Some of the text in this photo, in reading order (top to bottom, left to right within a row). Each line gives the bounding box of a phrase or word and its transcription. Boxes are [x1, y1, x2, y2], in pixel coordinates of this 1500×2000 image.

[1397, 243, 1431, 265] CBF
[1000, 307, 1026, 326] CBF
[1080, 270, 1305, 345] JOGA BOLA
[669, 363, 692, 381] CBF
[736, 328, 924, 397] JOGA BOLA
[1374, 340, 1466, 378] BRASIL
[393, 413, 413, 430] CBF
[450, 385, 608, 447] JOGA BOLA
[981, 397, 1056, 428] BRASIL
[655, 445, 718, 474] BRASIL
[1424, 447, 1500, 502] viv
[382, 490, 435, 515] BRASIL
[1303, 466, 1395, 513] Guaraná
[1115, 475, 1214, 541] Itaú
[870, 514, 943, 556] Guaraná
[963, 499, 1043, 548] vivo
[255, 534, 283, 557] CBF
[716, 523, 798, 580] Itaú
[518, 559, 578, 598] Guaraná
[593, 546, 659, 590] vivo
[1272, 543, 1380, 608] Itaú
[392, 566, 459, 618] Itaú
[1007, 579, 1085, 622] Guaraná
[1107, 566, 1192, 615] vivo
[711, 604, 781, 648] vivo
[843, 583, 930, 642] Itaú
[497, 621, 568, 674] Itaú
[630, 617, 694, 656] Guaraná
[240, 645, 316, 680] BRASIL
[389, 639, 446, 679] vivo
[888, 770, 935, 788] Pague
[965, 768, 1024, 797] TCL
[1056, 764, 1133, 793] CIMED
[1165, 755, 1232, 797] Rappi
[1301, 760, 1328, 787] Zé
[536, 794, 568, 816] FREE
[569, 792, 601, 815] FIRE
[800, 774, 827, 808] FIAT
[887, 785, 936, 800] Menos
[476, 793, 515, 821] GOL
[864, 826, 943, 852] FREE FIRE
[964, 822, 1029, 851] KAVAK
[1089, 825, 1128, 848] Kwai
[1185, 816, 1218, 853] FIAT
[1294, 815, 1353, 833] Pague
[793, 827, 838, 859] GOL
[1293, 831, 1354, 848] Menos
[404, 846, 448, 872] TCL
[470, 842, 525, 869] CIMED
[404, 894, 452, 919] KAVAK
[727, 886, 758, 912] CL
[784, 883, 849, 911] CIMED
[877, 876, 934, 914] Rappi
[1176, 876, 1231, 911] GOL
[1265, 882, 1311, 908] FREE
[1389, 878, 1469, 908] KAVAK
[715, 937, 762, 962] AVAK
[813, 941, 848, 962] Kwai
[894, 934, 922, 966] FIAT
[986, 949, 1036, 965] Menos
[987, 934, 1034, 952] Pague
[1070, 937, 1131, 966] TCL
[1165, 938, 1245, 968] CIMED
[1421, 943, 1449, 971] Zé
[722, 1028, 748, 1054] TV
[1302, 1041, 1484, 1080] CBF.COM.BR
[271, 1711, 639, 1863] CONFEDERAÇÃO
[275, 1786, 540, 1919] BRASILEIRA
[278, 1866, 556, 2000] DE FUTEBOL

────────

> **WORK REQUEST**
From the listing above, count every line where the word "Guaraná" occurs; the answer is that number and nothing else.

> **OUTPUT FOR THIS TASK**
5